Adapun Pasal 245 ayat (3) yang tidak turut dirobah oleh MK dalam keputusannya itu berbunyi : Ketentuan sebagaimana dimaksud pada ayat 1 tidak berlaku apabila anggota DPR a, Tertangkap tangan melakukan tindak pidana, b Disangka melakukan tindak pidana kejahatan dengan diamcam pidana mati atau pidana penjara seumur hidup atau tindak pidana kejahatan terhadap kemanusiaan dan keamanan Negara berdasarkan bukti permulaan yang cukup; atau c. disangka melakukan tindak pidana khusus. Karena Korupsi adalah merupakan tindak pidana khusus, maka tidak diperlukan izin dari Presiden.

Menanggapi isi surat Sekjend DPR RI kepada KPK, Wakil Presiden Jusuf Kalla menyampaikan komentarnya dengan mengatakan KPK tidak perlu untuk meminta izin Presiden untuk melakukan pemeriksaan terhadap Setnov.

Karena KPK memiliki UU tersendiri, Masalah Setnov adalah masalah Tindak Pidana Korupsi (Tipikor). Itu tentu tidak perlu izin Presiden.

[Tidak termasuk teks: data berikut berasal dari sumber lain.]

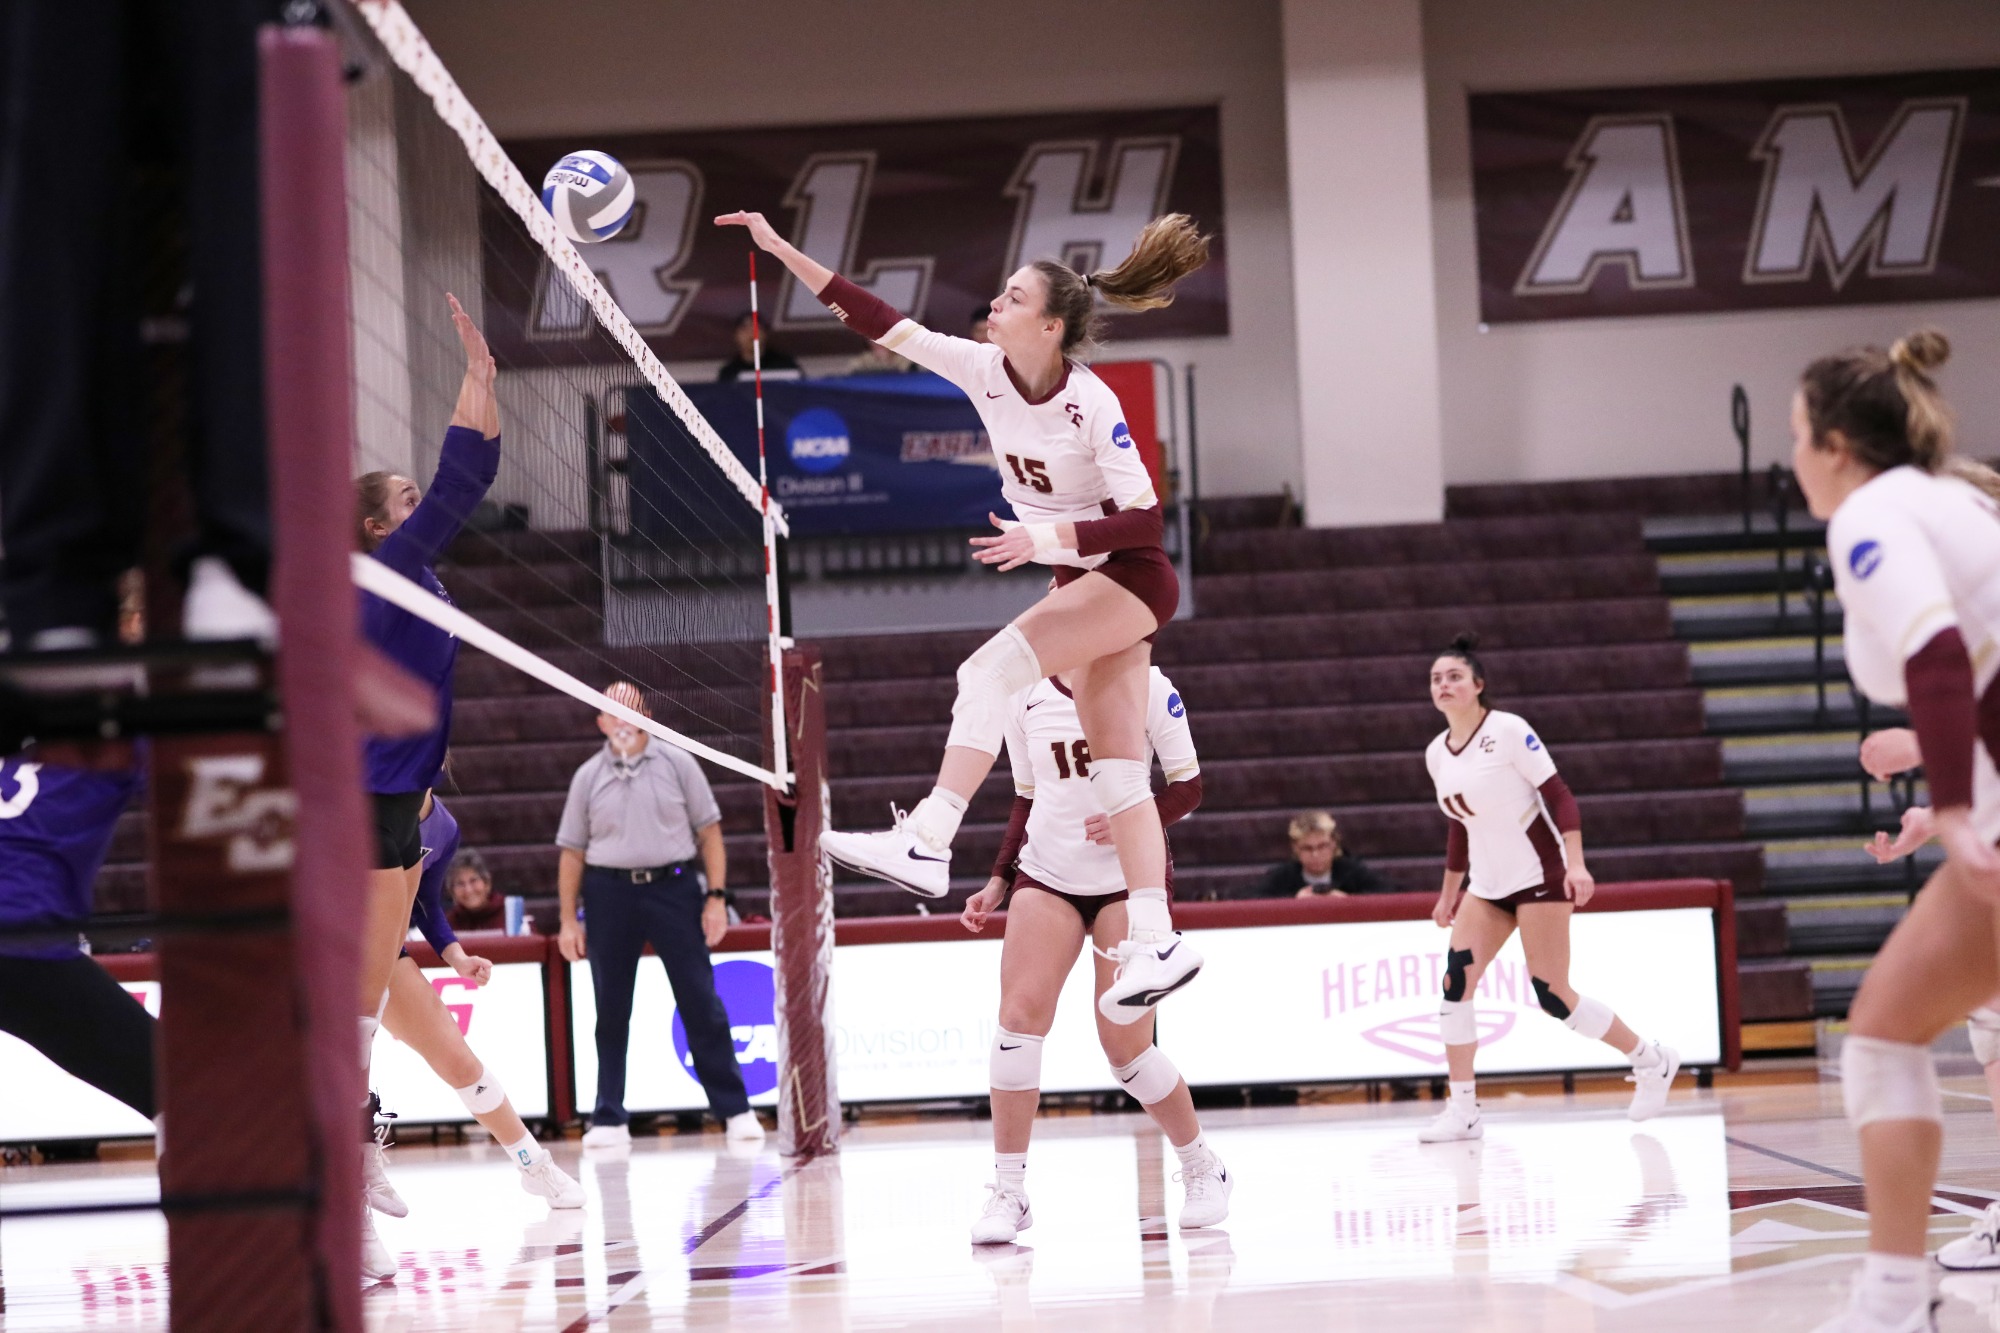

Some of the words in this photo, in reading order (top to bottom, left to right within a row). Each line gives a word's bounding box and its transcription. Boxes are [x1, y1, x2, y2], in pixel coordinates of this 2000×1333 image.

[1005, 453, 1053, 494] 15
[1050, 739, 1093, 780] 18
[1443, 793, 1476, 819] 11
[1322, 953, 1541, 1020] HEARTAN

JK pun meminta kepada Setnov untuk mematuhi panggilan KPK, Menurut JK Setnov sebagai Ketua DPR yang merupakan intitusi pembuat UU, seharusnyalah Setnov untuk mematuhinya.

Nasehat yang diberikan oleh Politisi senior Partai Golkar JK yang juga pernah menjadi Ketua DPP Partai Golkar dan sekarang menjabat sebagai Wakil Presiden itu, sedikitpun tidak menjadi bahan pertimbangan Setnov yang saat ini sebagai Ketua DPP Partai Golkar.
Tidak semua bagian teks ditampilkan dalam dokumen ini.